He looked around the table to get the other players' encouragement, hoping someone might cheer him on, but everyone was staring at the general.
"I—" the steward muttered, his ability to speak shattered by stress.
"Commander," Fenix heard the word as a rumble in his gut as much as a sound in his ears. "Stand up and face me. That is an order."
Al-Jarrah was pissed, no question about that. Fenix might have shaved his luck too thin.
Again.
He couldn't ignore al-Jarrah any longer—but he couldn't just walk away from the table either.
Fenix stood, slowly, dragging it out, pushing his chair back but keeping his hands flat on the table, hoping the steward would come to his senses.
He picked up his cards and flashed them at the general. "Come on, Uncle. I can't walk away from a hand like this, can I?"
Fenix hadn't called al-Jarrah "Uncle" for fifteen years.
The general's jaw bulged. His eyes were sunken blast craters in the tight lines of his face.
Fenix sensed something new, like he was skirting the edge of real trouble, but he was pot-committed. He couldn't stop if he wanted to.
Then the clock hit double zero, and the hand was dead.
He'd won, but the medal of office hadn't been on the table. His prize had slipped away.
Fenix took a breath, gave himself a moment to grieve the bad beat, then let it go and moved onto his next task—de-escalating al-Jarrah.

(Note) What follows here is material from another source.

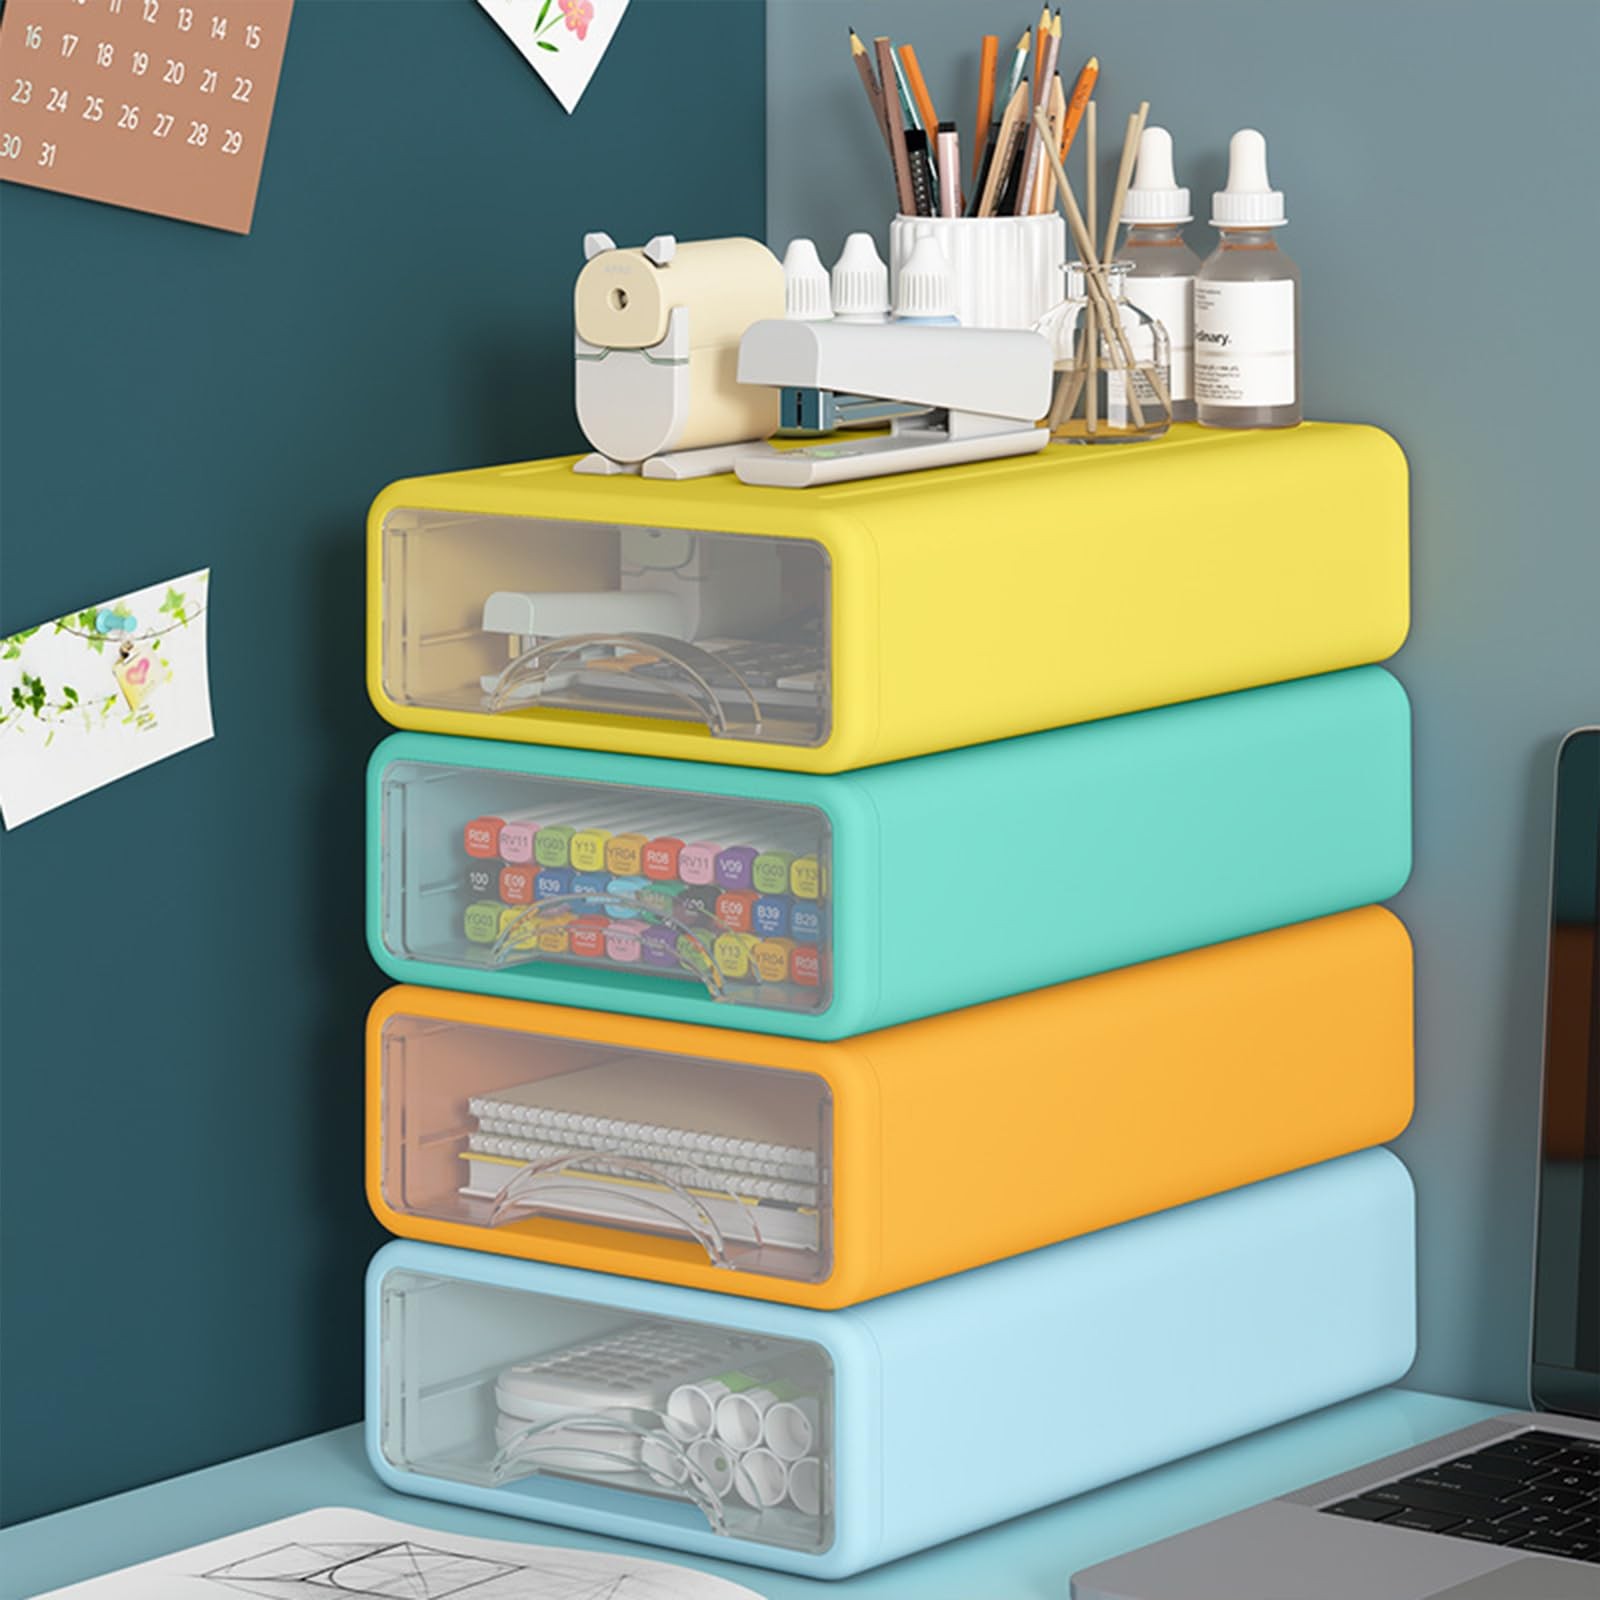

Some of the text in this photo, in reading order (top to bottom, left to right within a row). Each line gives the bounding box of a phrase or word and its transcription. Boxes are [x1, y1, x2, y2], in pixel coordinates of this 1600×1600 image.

"Clear the room," the general said, his voice barely a whisper. The troopers swept into action and spread out, lining up in pairs around the other players at the table.
"I surrender," the kid said as he got up on his own, before the troopers had come close. "I’m not resisting."
Alexandra shot Fenix a scowl, eyes narrowed and her lips pulled into a pout, but he saw right through her mask of irritation. Warmth stirred between his legs.
He flashed her his best pants-dropping grin, the one that had radiated from feeds across the known worlds, and that was all it took. She was good to go.
She stood, rising nearly as tall as the general on long, strong legs, smoothed down the front of her jacket, eyed the troopers as if daring one of them to lay a hand on her and see how it turned out, then strode out without looking back. She looked good walking away.
Fenix twitched a lurid eyebrow, trying to crack his uncle’s scowl, but the lines on either side of his mouth only deepened.
The steward still hadn't moved. Even after all this, with troopers now pressed close on either side and the entire room staring him down, he had yet to look up from the pile of akt on the table. He was a still life: "Crushed by indecision," cast in flesh.
Until the armored fingers around his biceps, hauling him from his chair, shocked him back to his senses.
"I call! I call!" he shouted as the troopers dragged him away. He kicked his feet, fighting, straining to get his chips into the pot. Too late for that.
Fenix leaned forward and peeked under the corner of the final community card. It was the last ace. The one card that could have beat him.
His chest tingled with a rush of relief that might have reached his face, but he stopped it cold, countered it with a mental image of the Steward wearing mother’s crystal. The general's arrival had been an unexpected gift.
Fenix would find another way to humble the steward. With another year left on his duty service and likely longer than that until the ship was done, he had nothing but time.
Fenix grabbed the crystal, took a moment to fix it back around his neck, then glanced up at the struggling steward and winked. 2
Ogurtsov’s eyes bugged. “What was it—?" he called as the Swords dragged him out of the bar, heels skidding over the enameled floor. "That's my money—"
“Two of swords,” Fenix called out, just as the soldiers stomped back into line, sealing them in.
Fenix exhaled, tuned his expression to 'contrition,' straightened himself up, then spun to face the general, arms wide.
"So good to see you, Uncle," he said, deciding at the last second against stepping into a ‘thank-you’ hug and clapping his hands together instead. "But you shouldn’t have gone to the trouble. It’s the middle of the night."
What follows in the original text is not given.